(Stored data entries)
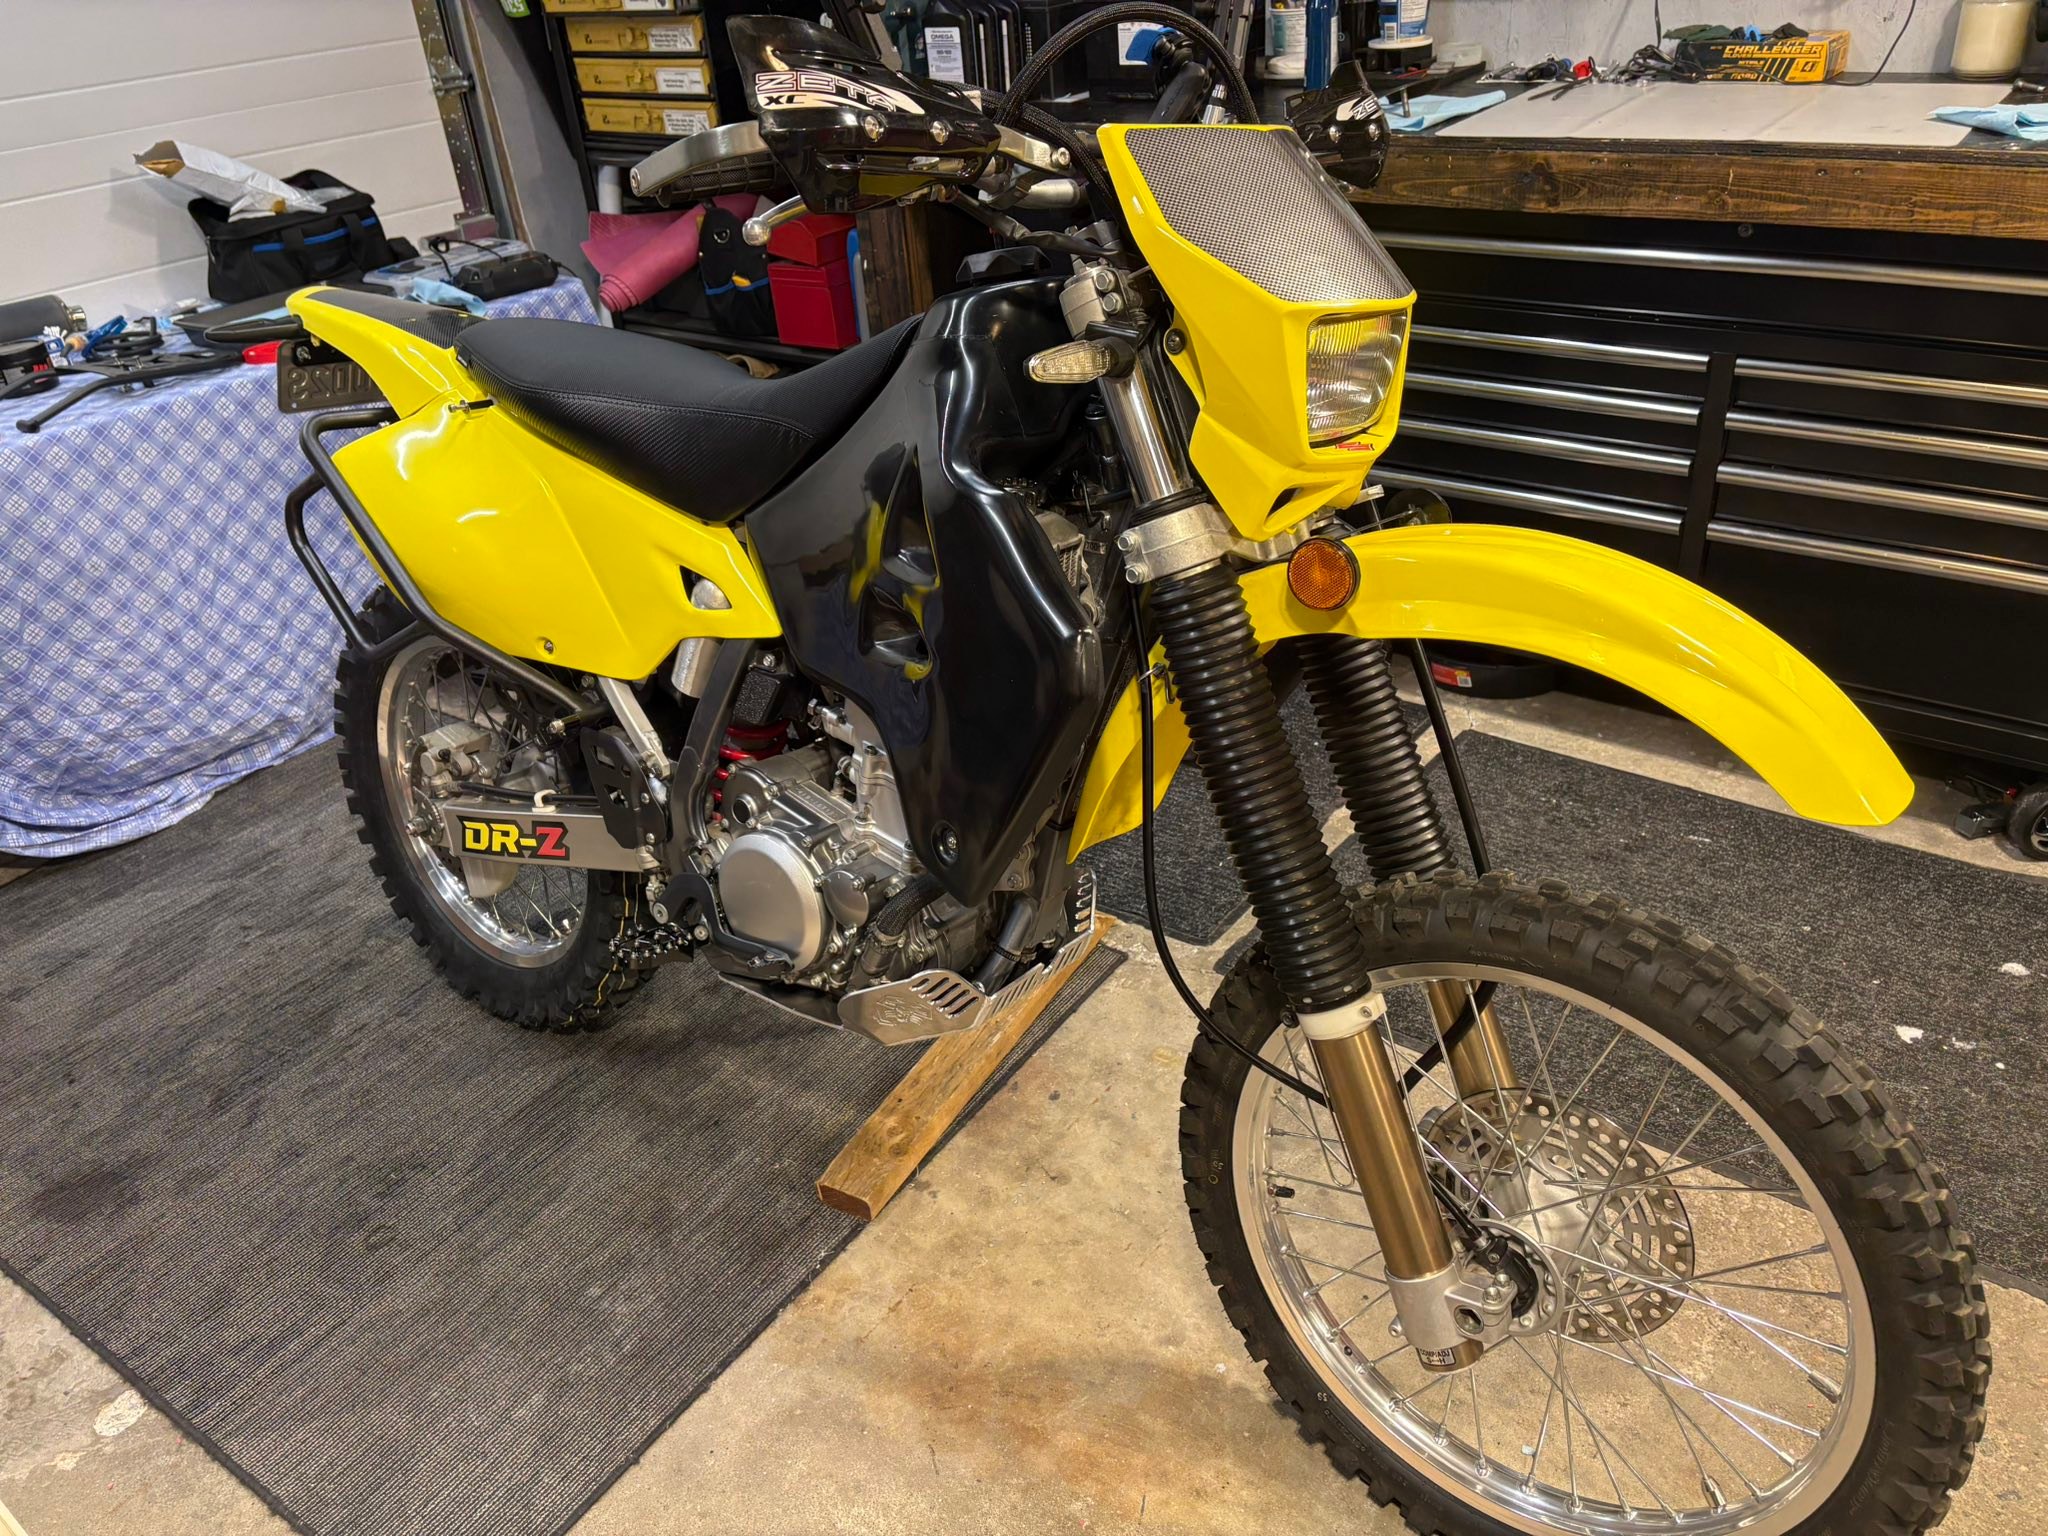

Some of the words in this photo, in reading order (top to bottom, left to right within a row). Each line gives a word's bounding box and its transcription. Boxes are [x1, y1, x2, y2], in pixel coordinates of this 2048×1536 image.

[1724, 45, 1822, 54] CHALLENGER
[755, 71, 897, 113] ZETA
[763, 94, 808, 106] XC
[463, 821, 567, 857] DR-Z
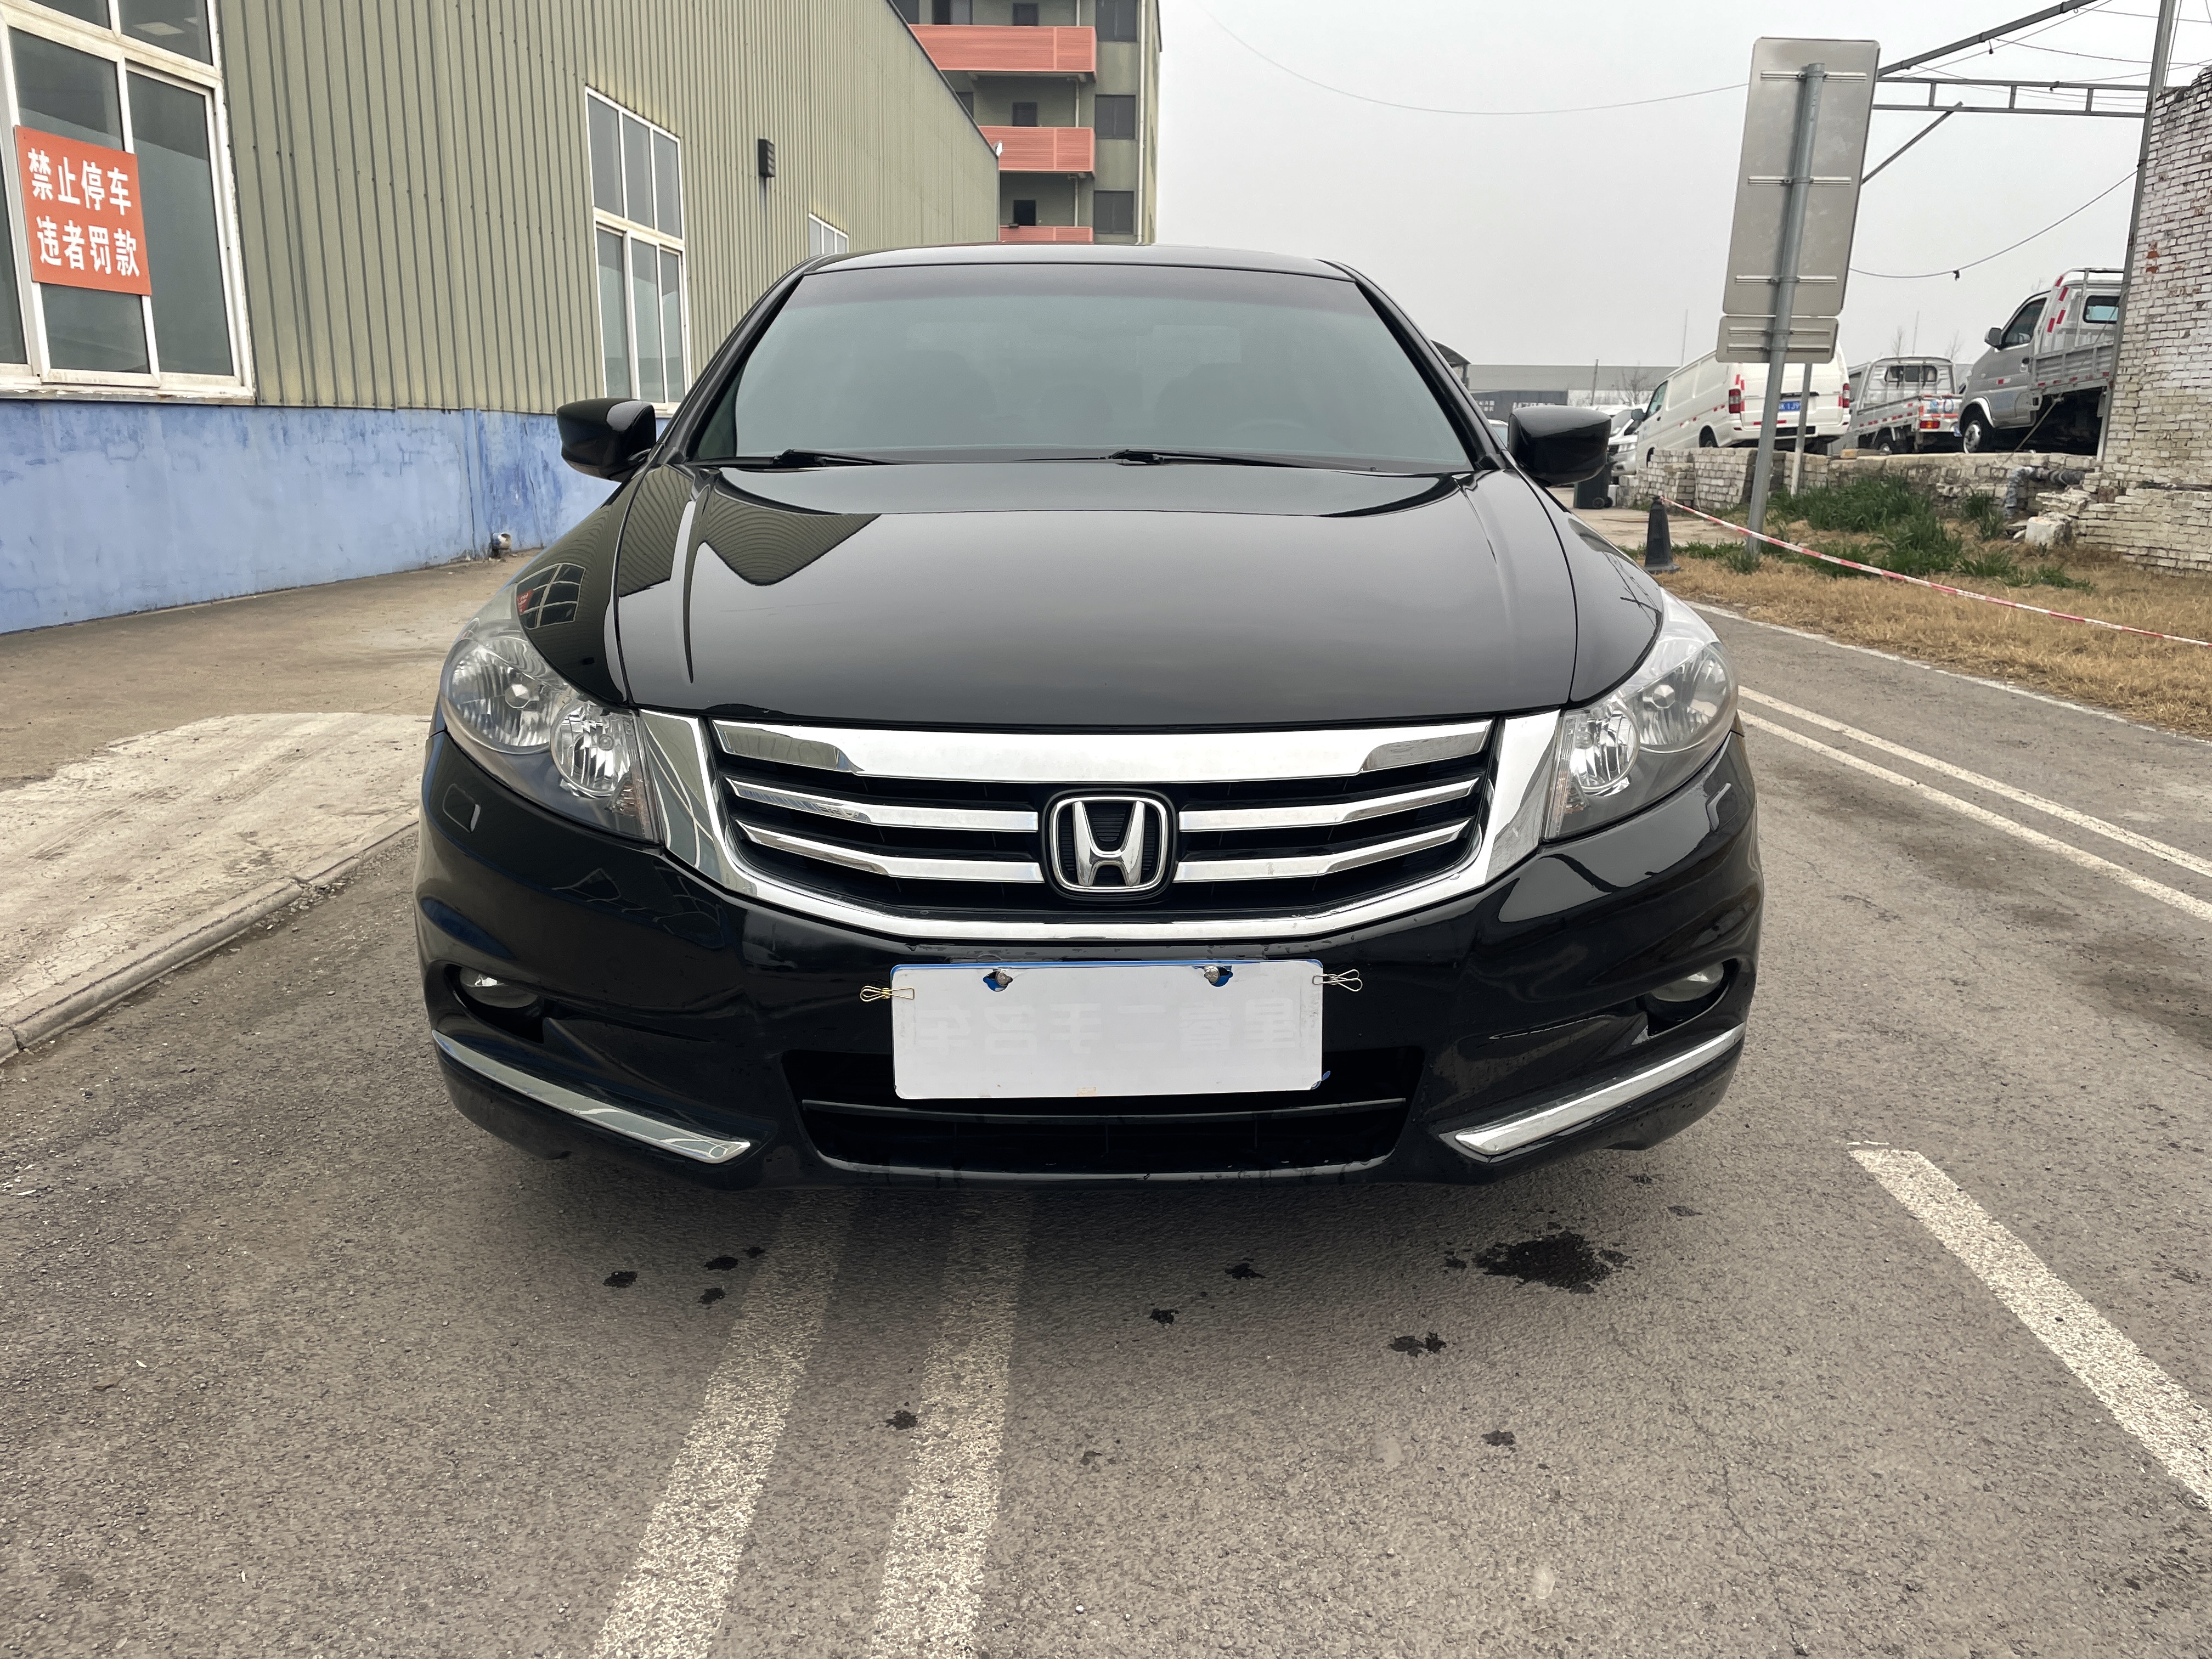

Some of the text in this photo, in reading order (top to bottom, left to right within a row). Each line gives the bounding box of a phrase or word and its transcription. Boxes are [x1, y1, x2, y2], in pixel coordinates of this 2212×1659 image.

[27, 148, 132, 216] 禁止停车
[36, 216, 140, 277] 违者罚款

> [Work to be completed]
Set down exactly the line with "Some of the text" and each line after it up to the end of the records, adding nothing.

> [Task response]
Some of the text in this photo, in reading order (top to bottom, left to right within a row). Each line gives the bounding box of a phrase or word and its transcription. Boxes are [x1, y1, x2, y2], in pixel coordinates of this 2212×1659 image.

[27, 148, 132, 216] 禁止停车
[36, 216, 140, 277] 违者罚款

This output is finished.